Two-thirds of U.S. adults worry about unanticipated medical expenses, according to a recent Kaiser Family Foundation poll, outranking other healthcare concerns or rising householdGettyImages-1175811131-2 expenses. The No Surprises Act is designed to prevent unexpected billing and ease consumers’ minds.

Currently, elective care patients can choose the network hospital and provider under their healthcare plan. And any ancillary clinicians, such as anesthesiologists and surgical assistants, can contract separately with insurers, which often results in an out-of-network payment higher than the network rates. The No Surprises Act will prevent that from happening. In-network cost-sharing for these bills must be based on the in-network median amount under the plan for similar services.

What Providers Need to Know Now

While the new legislation aims to protect patients from unexpected billing for non-network medical services, hospitals and providers will have to revamp their revenue cycle processes to conform to the new regulatory requirements.

Here’s what you need to know:

  • Health Plans Cover Surprise Bills at In-Network Rates
    The legislation requires health plans to cover surprise bills for emergency services, including air ambulance and out-of-network provider services at in-network medical facilities. Surprise bills must be covered without prior authorization. 
  • The Act Prohibits Balance Billing
    Out-of-network providers and emergency services are prohibited from billing patients beyond in-network cost-sharing. This rule also applies to out-of-network clinicians who provide services at network hospitals or other medical facilities.

    The only exception is if a provider gives 72 hours notice to a patient in writing, and the patient authorizes these services, also in writing.
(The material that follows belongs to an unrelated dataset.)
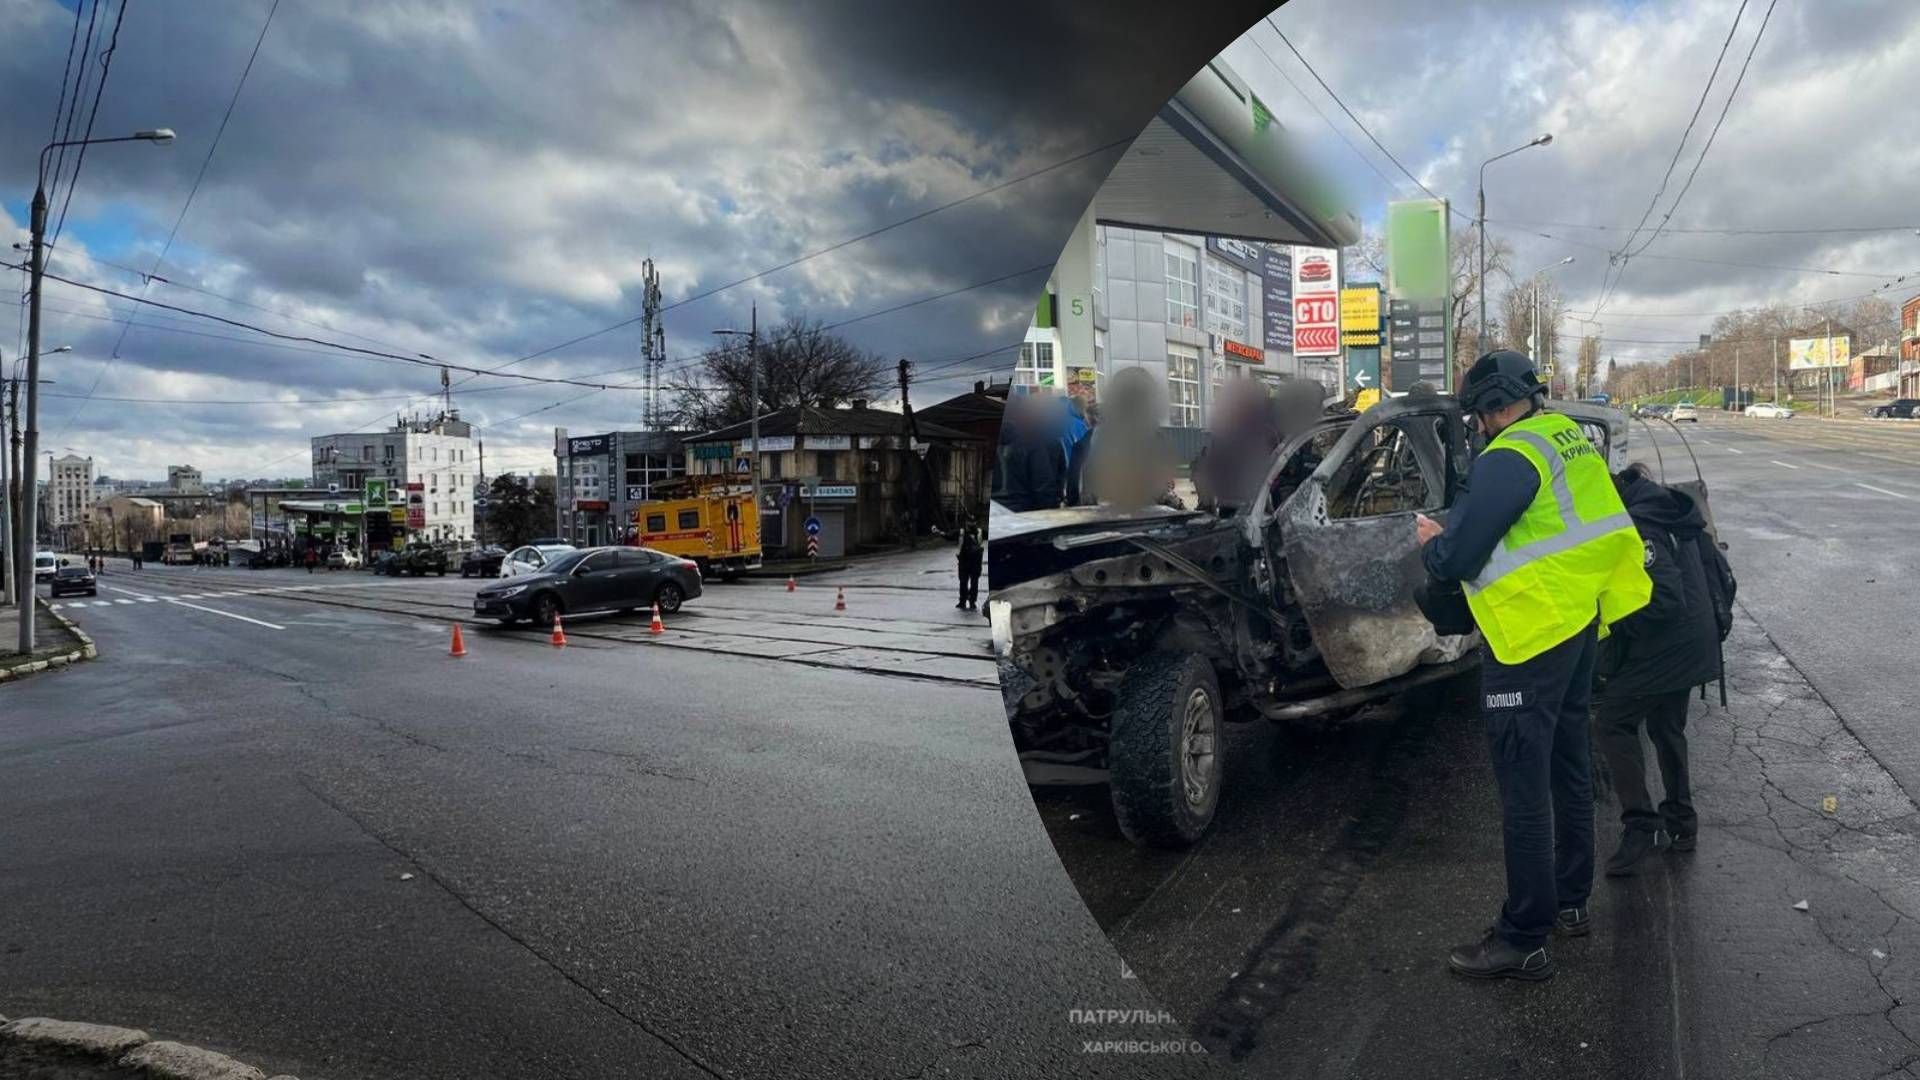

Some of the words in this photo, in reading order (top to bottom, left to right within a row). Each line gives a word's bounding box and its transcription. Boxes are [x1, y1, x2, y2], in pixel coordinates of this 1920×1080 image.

However, this exception does not apply to ancillary services such as anesthesia, diagnostics such as radiology and lab, or other services specified by the legislation.
  • Out-of-Network Providers May Not Bill Patients for Excess Charges
    Providers “shall not bill and shall not hold patients liable” for charges exceeding the in-network cost-sharing amount for the services they provide. This places the burden on any non-participating providers to determine a patient’s health plan status and the in-network cost-sharing for the surprise bill. 
  • Oversight and Enforcement Activities Are Required
    Private health plans must follow the same rules as those that apply under the Affordable Care Act (ACA). Under health plans regulated by state laws (fully insured-employer-sponsored plans and non-group health plans), states may enforce federal requirements. But if states fail to enforce these requirements, enforcement falls to the federal government. The federal government has the primary responsibility to oversee self-insured group health plans, which cover nearly half of all those who have job-based coverage.
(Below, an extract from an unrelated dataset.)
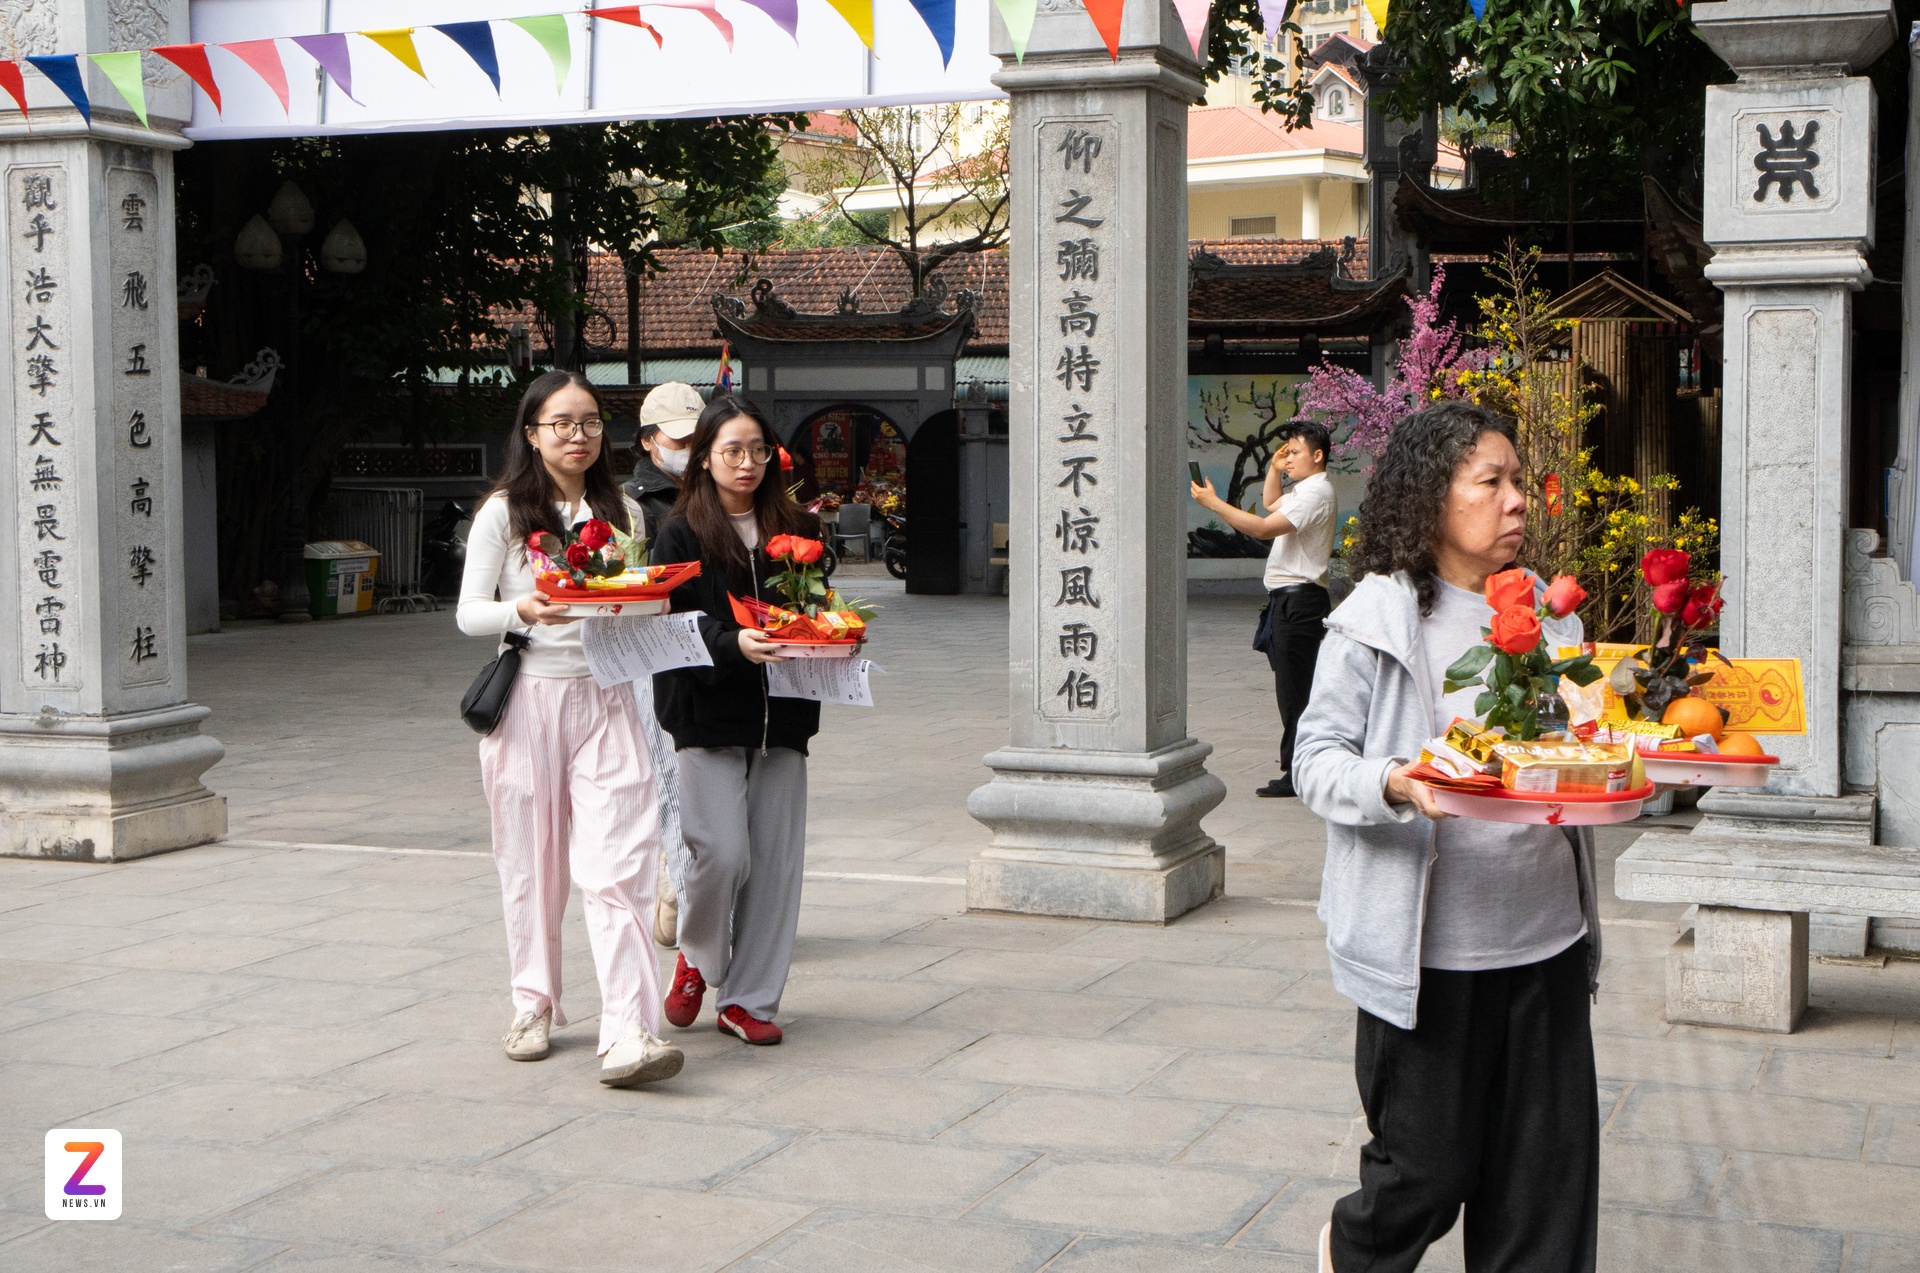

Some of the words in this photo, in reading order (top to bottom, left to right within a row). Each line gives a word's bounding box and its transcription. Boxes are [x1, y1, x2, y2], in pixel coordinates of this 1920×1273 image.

[121, 193, 157, 663] 雲飛五色高擎柱
    If providers and hospitals violate the act, the federal government can enforce penalties of up to $10,000 per violation. For states that have enacted their own state laws regulating medical surprise billing, those laws will not be preempted unless the state fails to enforce it.
  • An Independent Dispute Resolution Process Will Handle Arbitration
    If a provider and the health plan cannot negotiate a payment amount after 30 days, the parties may enter into an independent dispute resolution (IDR) process. In this arbitration process, both parties must submit a final offer within 30 days, and the IDR entities will determine which offer is most reasonable. The losing party is then required to pay for the arbitration process, and all arbitration outcomes will be publicly reported each quarter on the HHS website. 

Stay Aware of Developments to Come

The No Surprises Act will significantly alter how some healthcare providers practice, but it’s important to recognize the law is still a work still in progress. You can expect more developments as HHS hammers out the details and prepares for implementation in the coming months.